Author: Andrew A. Hanham

Notes

  • 1. HMC Popham, 259–60.
  • 2. Ibid. 262, 278, 282–3, 285; CSP Dom. 1690–1, p. 20; 1691–2, p. 165; Bull. IHR, xiv. 183; Luttrell, Brief Relation, vi. 666.
  • 3. CSP Dom. 1691–2, pp. 112–13; E. G. W. Bill, Q. Anne Churches, p. xxiii.
  • 4. E. Suss. RO, Winchelsea ct. bk. WIN 60, p. 81.
  • 5. HMC Popham, 261–8; Cal. Treas. Bks. viii. 289.
  • 6. HMC Popham, 268–82; Centre Kentish Stud. Stanhope mss U1590/053/1, James Vernon I* to Alexander Stanhope, 1 Apr., 27 May 1690; Trinity, Dublin, Clarke mss 749/2/194, Thomas Coningsby* to Clarke, 23 Sept. 1690; CSP Dom. 1691–2, p. 165; Boston Pub. Lib. Mass. ms K. 5. 4, Clarke to Athlone, 3 July 1694.

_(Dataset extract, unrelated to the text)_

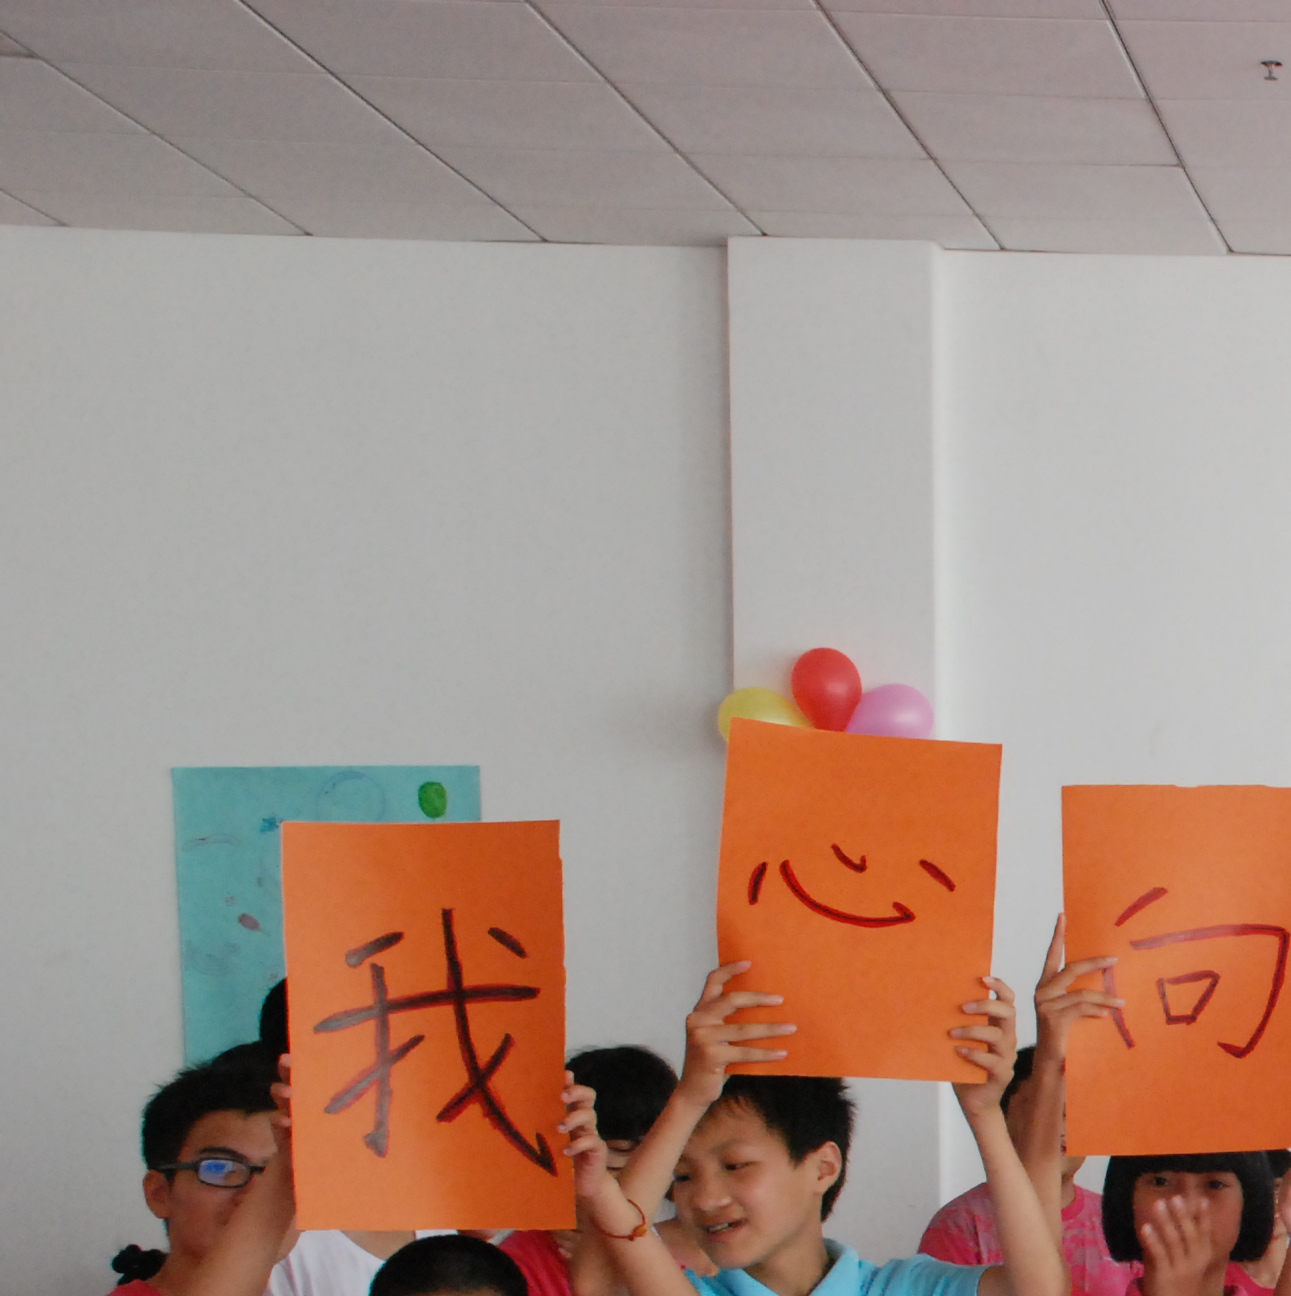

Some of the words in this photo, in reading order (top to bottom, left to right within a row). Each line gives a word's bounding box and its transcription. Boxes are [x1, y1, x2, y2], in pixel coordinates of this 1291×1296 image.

[747, 843, 956, 928] 心
[313, 907, 558, 1177] 我
[1102, 886, 1291, 1059] 向

  • 7. Bodl. Carte 79, f. 663; HMC Downshire, i. 559; Add. 9732, ff. 238, 262.
  • 8. Add. 9732, f. 262; HMC Popham, 282–3; Bull. IHR, xiv. 169; Cal. Treas. Bks. xvii. 86; Luttrell, v. 176; Ranke, v. 325.
  • 9. Egerton 2618, f. 191; ‘Collectanea Trelawniana’, p. 283, Atterbury to Bp. Trelawny, 21 Apr. 1705 (Speck trans.); Add. 28052, f. 110; 28070, f. 8; 61285, ff. 56–62; Marlborough–Godolphin Corresp. 447, 481; E. Gregg, Q. Anne, 200; HMC Cowper, iii. 64; HMC Popham, 283; Bodl. Ballard 17, f. 86; Luttrell, v. 605; HMC Portland, iv. 268; Univ. Kansas Spencer Research Lib. Simpson–Methuen corresp. C163, John Methuen* to Sir William Simpson, 30 Oct. 1705; BL, Trumbull Add. mss 98, John Bridges to Trumbull, 31 Oct. 1705; Bull. IHR, xxxvii. 29–30.
  • 10. HMC Popham, 283–4; Add. 28052, ff. 133–4; Ballard 20, f. 22.
  • 11. Luttrell, vi. 633, 666; Add. 28052, f. 146; 70421, newsletters 19 Aug., 16 Dec. 1710; HMC Popham, 283, 285; Ballard 10, f. 123; 20, f. 78; Boyer, Anne Annals, ix. 279; Bull. IHR, xvii. 17.
  • 12. HMC Popham, 285–6; DNB; VCH Oxon. iii. 180, 184, 190; I. Guest, Dr John Radcliffe and His Trust, 132–4, 136.
  • 13. HMC Popham, 286–9; Egerton 2540, ff. 568, 610; E. Craster, MIs All Souls’, Oxford, 21.